Las plataformas permiten llevar al paroxismo la tendencia centrífuga del capitalismo neoliberal: eyectar los riesgos de las empresas y desparramarlos entre individuos que dejaron de ser trabajadores para ser clasificados como micro-emprendedores, profesionales independientes, autónomos, etc. Con un ejemplo podemos reconstruir los trazos gruesos de una de las sagas principales de esta economía.

Paso 1: McDonald’s emplea trabajadores en condiciones ‘flexibles’ para realizar el reparto de comidas.

Paso 2: McDonald’s terceriza el servicio de entrega a domicilio (McEntrega) desprendiéndose del incordio de las oscilaciones de demanda, así como de los riesgos elevados de accidentes por trabajar en la calle. Aunque, legislación argentina mediante, es solidariamente responsable en caso de reclamos.

Paso 3: se elimina cualquier vínculo de McDonald’s con trabajadores del reparto, ya que no figuran como propios ni como tercerizados.

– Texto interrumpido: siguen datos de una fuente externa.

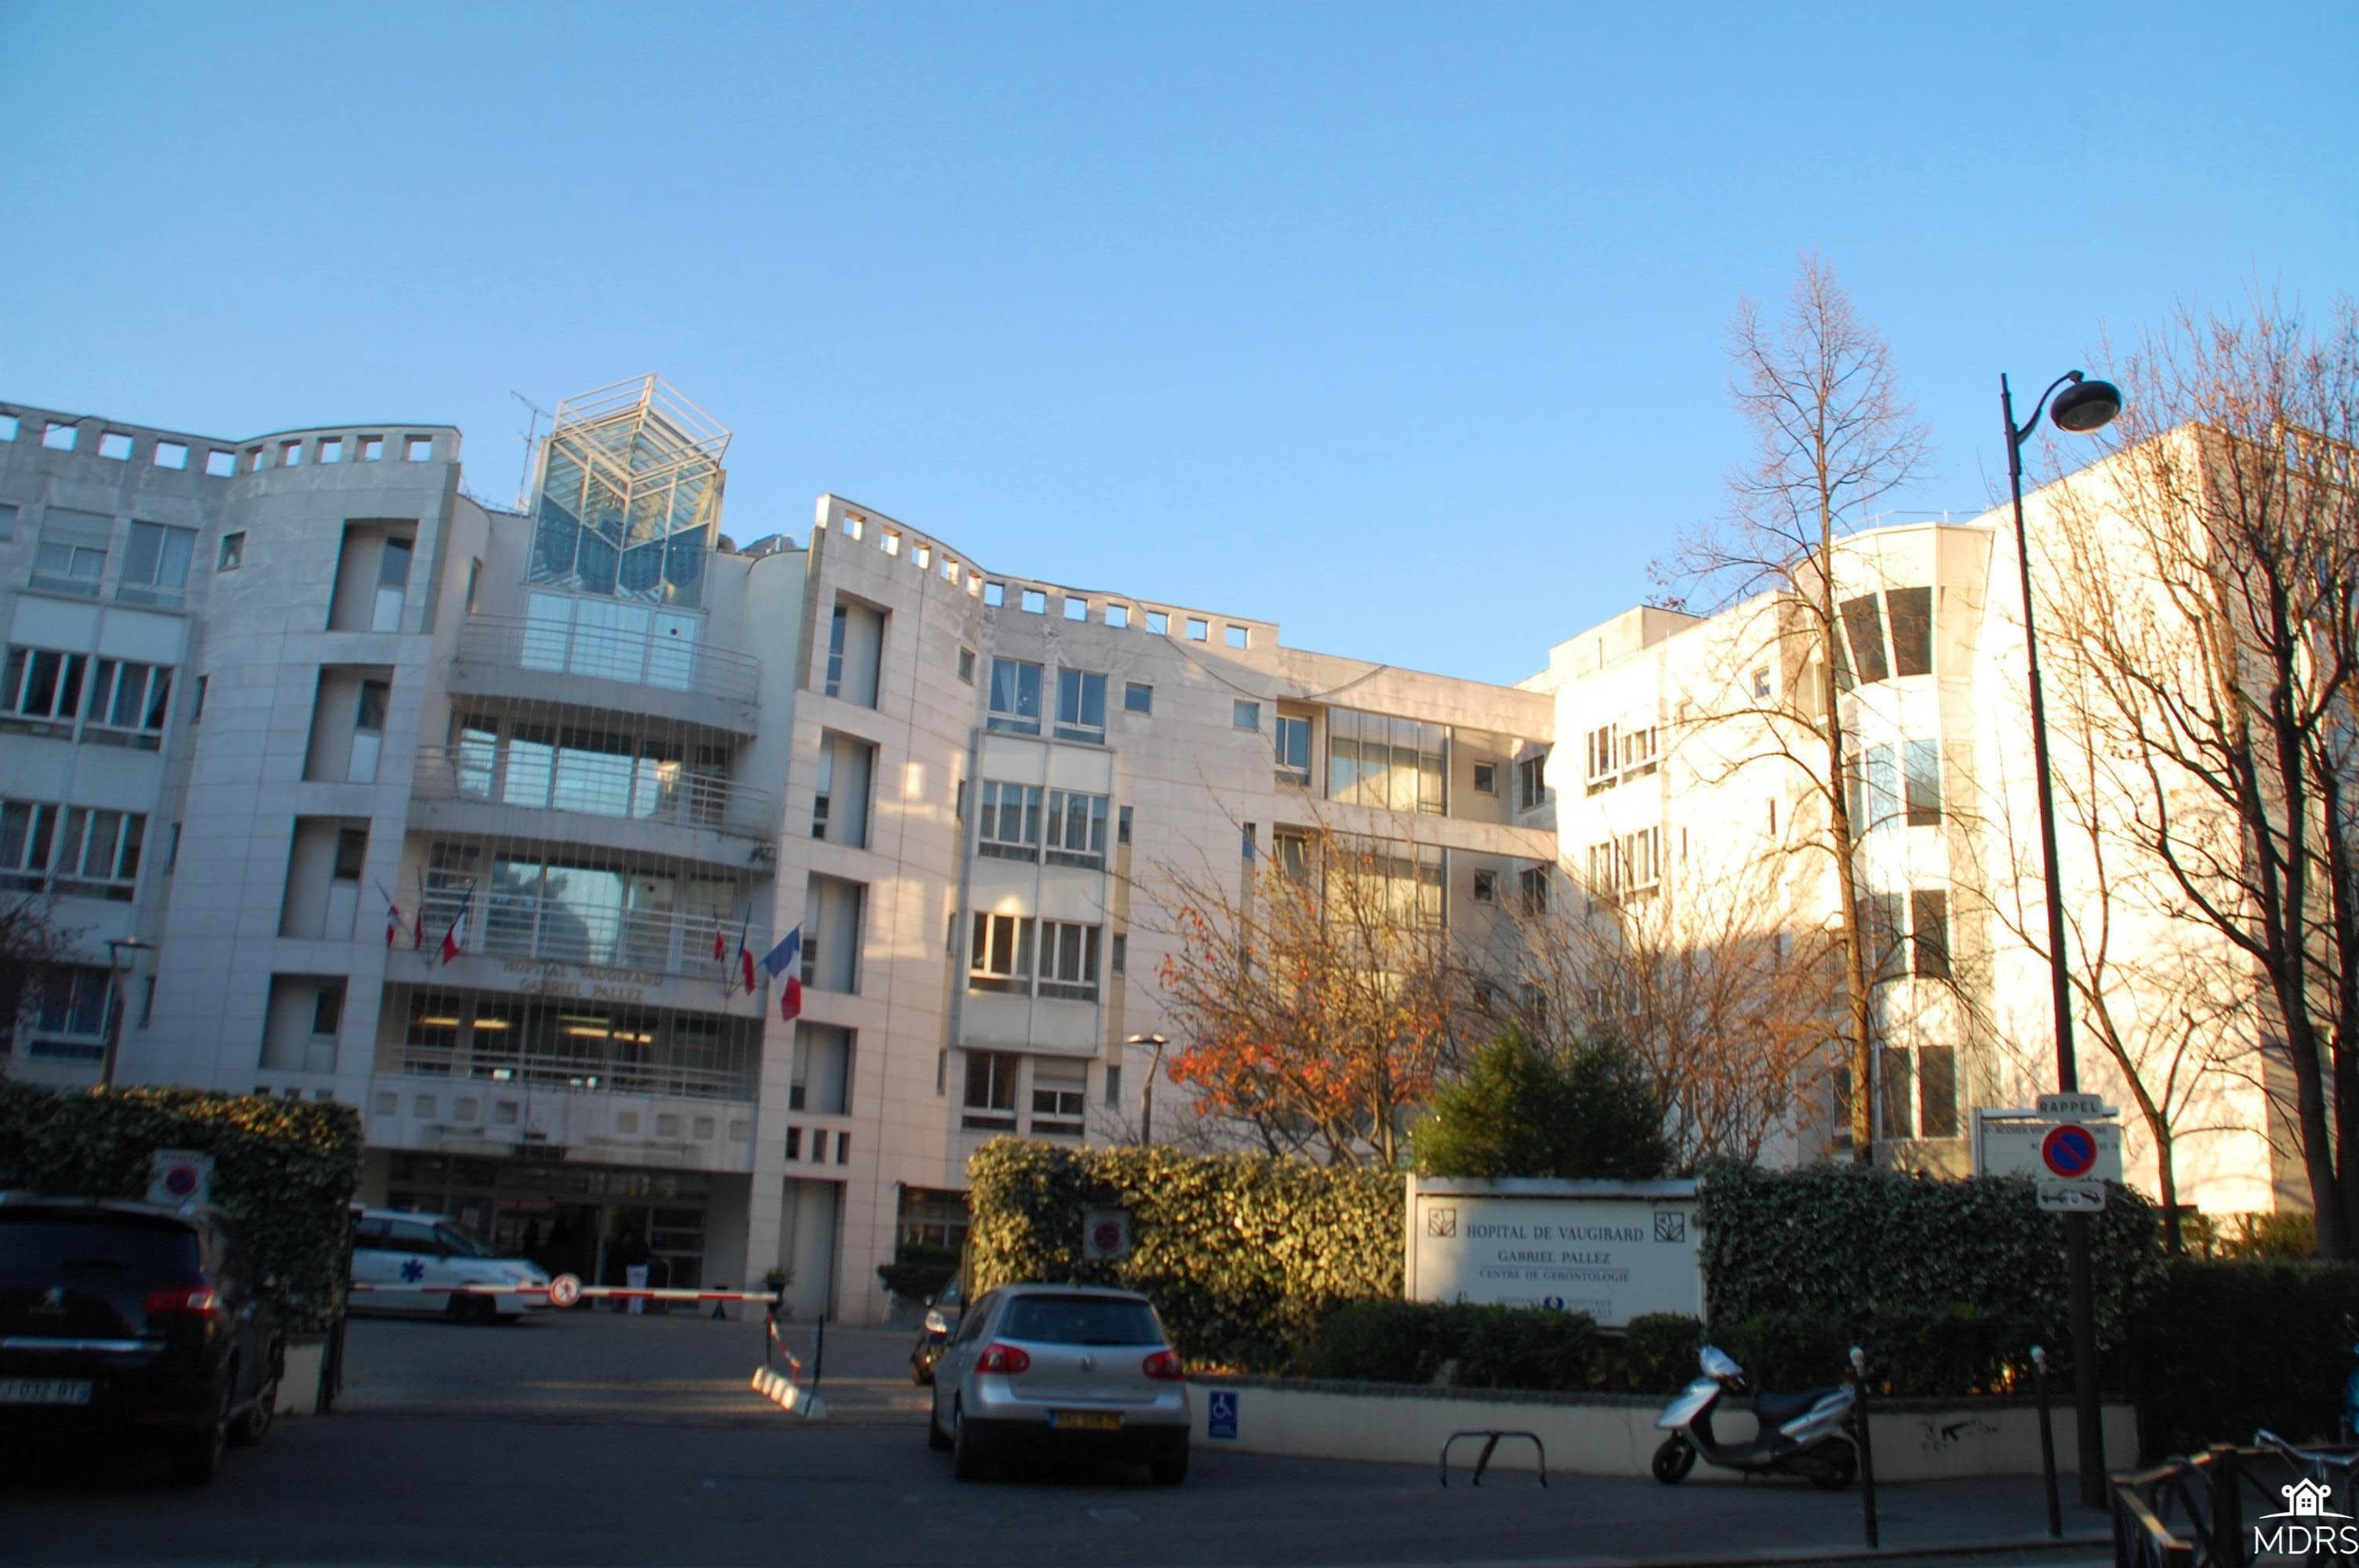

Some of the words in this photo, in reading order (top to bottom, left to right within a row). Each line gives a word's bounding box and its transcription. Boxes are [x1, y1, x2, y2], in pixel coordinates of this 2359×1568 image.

[2039, 1100, 2099, 1114] RAPPEL
[1467, 1225, 1527, 1240] HOPITAL
[1533, 1225, 1552, 1240] DE
[1558, 1225, 1645, 1242] VAUGIRARD
[1497, 1250, 1555, 1263] GABRIEL
[1561, 1251, 1611, 1265] PALLEZ
[1479, 1269, 1520, 1281] CENTRE
[1525, 1270, 1538, 1281] DE
[1543, 1271, 1630, 1283] GERONTOLOGIE
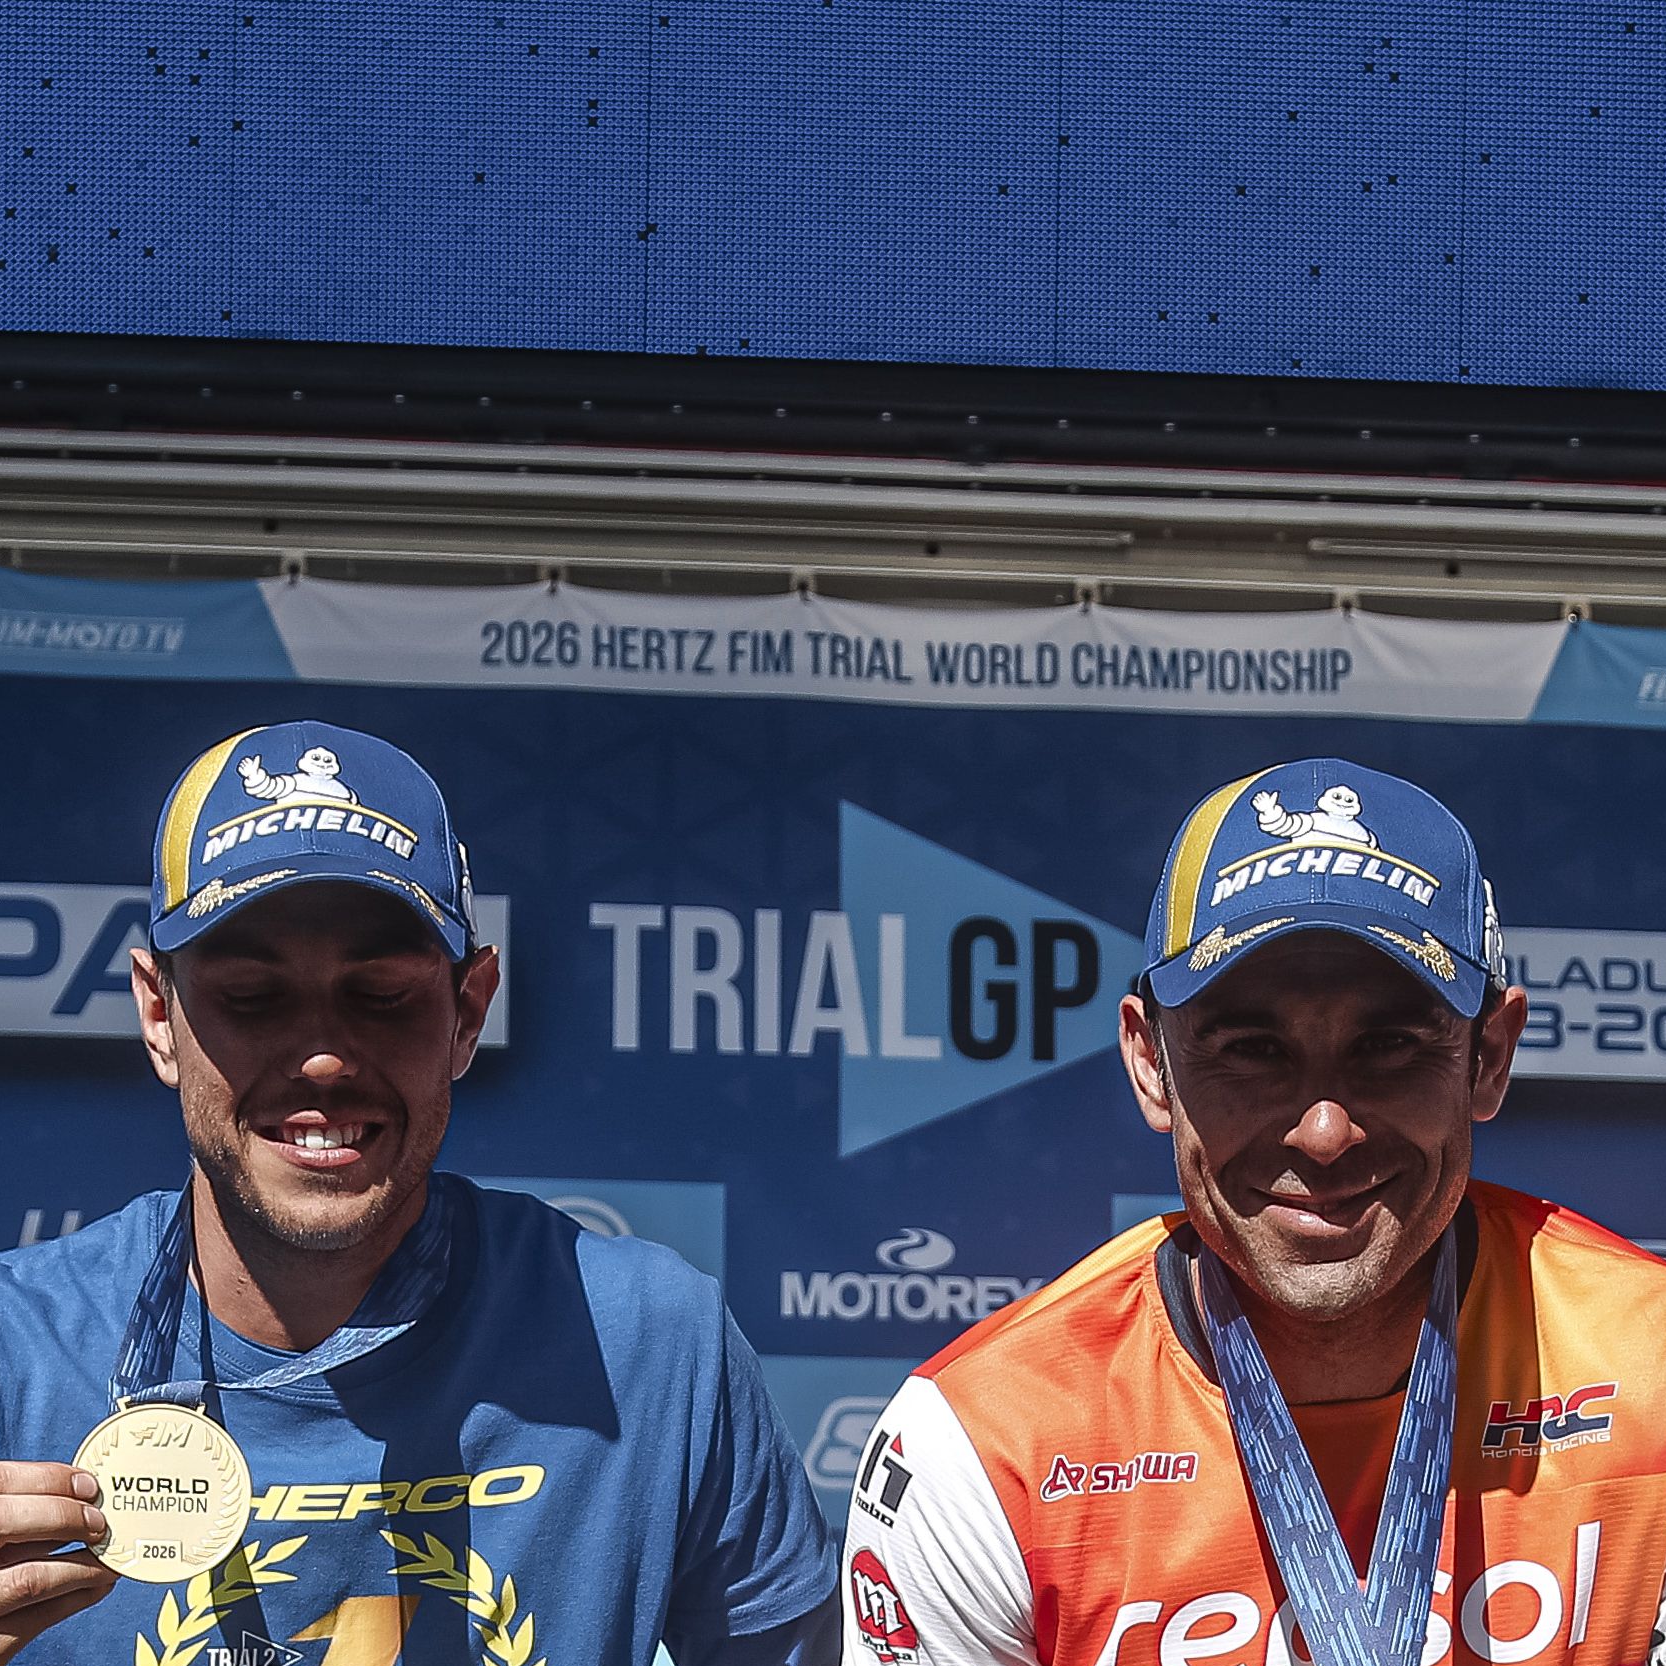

No se pagan uniformes, ni seguros, ni se garantizan mínimos de ingreso, ni cargas patronales, ni bicicletas, ni motos, ni casco, ni celulares, ni conexiones, ni bolso, ni tiempos de espera, ni de descanso, ni lugar de trabajo.

Rappi, que en pocos meses ya alcanzó los 10.000 repartidores activos en el país, pudo radicarse con un respaldo de dos salarios mínimos.

Tampoco hay responsabilidad por ‘las pérdidas’ porque el problema adhiere irreversiblemente al último eslabón –el repartidor- quien tendrá que reclamar, devolver, anular, encontrar el modo de no tener que hacerse cargo.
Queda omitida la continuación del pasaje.